Paralelamente, em alguns municípios da mesma região, prefeituras já ofertam até R$ 38 mil para atrair médicos, por exemplo, no primeiro ano do governo Bolsonaro, quando o programa Mais Médicos foi suspenso.
Perfil
O sindicato aponta ainda que Mato Grosso tem, hoje, cerca de 38 mil enfermeiros, técnicos e auxiliares de enfermagem. A maioria são mulheres que trabalham para médicos, geralmente donos de hospitais.
Uma pesquisa do Conselho Federal de Enfermagem (Cofen) – que traçou o perfil dos profissionais dessas áreas – aponta que, além de a maioria ser mulher, a concentração de pessoas no mercado está na faixa etária entre 36 e 55 anos.
São pessoas graduadas em Mato Grosso e que entram no mercado no mesmo Estado de formação. Mas a fila de quem atualiza o conhecimento na área fica menor após os anos de graduação.
Conforme a pesquisa, apenas 16% tinham leitura de periódicos especializados. A participação em eventos voltados para a profissão era assídua para 67% dos entrevistados e 69% passaram por algum aprimoramento após a conclusão do curso.
Precariedade nacional
O enfermeiro Dejamir Santos afirma que as condições ruins de trabalho e a renda não são exclusivas de Mato Grosso, apesar de haver situações mais graves em alguns pontos.
Em Várzea Grande, o plano de carreira estaria estagnado há mais de 10 anos. Não estão sendo concedidos as progressões de cargo e nem reajuste salarial de acordo com a função.
“E quando, todo ano, vamos conversar com os gestores, eles ficam nos olhando com cara de paisagem. Na rede pública, há um melhor piso salarial, de R$ 2.850, mas do que adianta se não está atualizado?”, diz.
A pesquisa do Confen aponta que 1,8% de profissionais de enfermagem no Brasil recebe menos de um salário mínimo por mês.
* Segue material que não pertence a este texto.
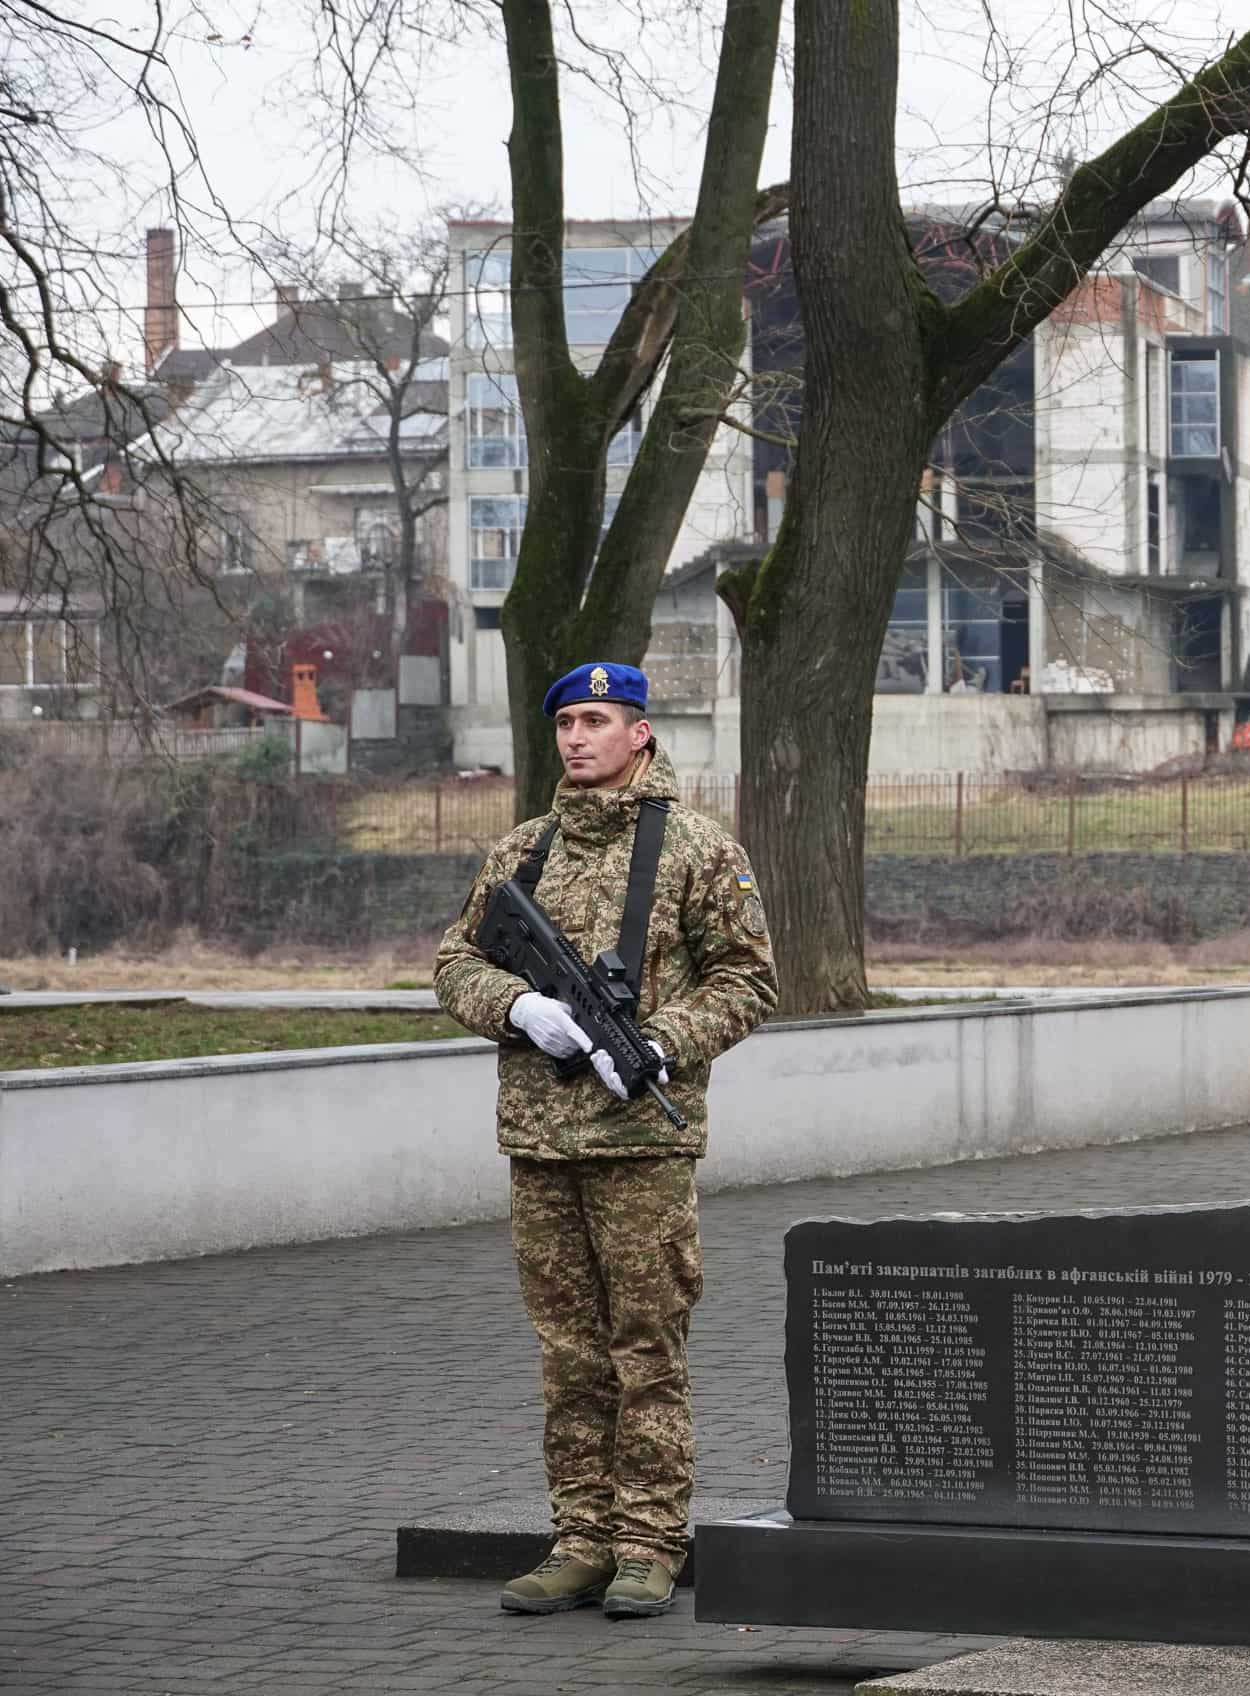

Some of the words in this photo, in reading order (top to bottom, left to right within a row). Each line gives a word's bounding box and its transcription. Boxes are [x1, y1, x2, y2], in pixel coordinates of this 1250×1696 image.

Outros 16,8% têm renda total mensal de até R$ 1 mil.
Conforme os dados, os quatro grandes setores de empregabilidade da Enfermagem (público, privado, filantrópico e ensino) apresentam subsalários. O privado (21,4%) e o filantrópico (21,5%) são os que mais praticam salários com valores de até R$ 1 mil. Mas mesmo nesses dois casos, a renda de mais da metade dos empregados não passa de R$ 2 mil.
Por outro lado, a dificuldade de encontrar emprego foi relatada por 65,9% dos profissionais de Enfermagem. A área já apresenta situação de desemprego aberto, com 10,1% dos profissionais entrevistados relatando situações de desemprego nos últimos 12 meses.
De acordo o Sinpen-MT, na Alemanha, a renda mínima de enfermeiros para uma jornada semanal de 30 horas é de 5 mil euros. Os escolhidos de Mato Grosso para a temporada lá, em 2021, estão em treinamento há cerca de um ano para reduzir o impacto da adaptação, com alguns custos bancados pelo governo alemão, por exemplo, a aprendizagem do idioma.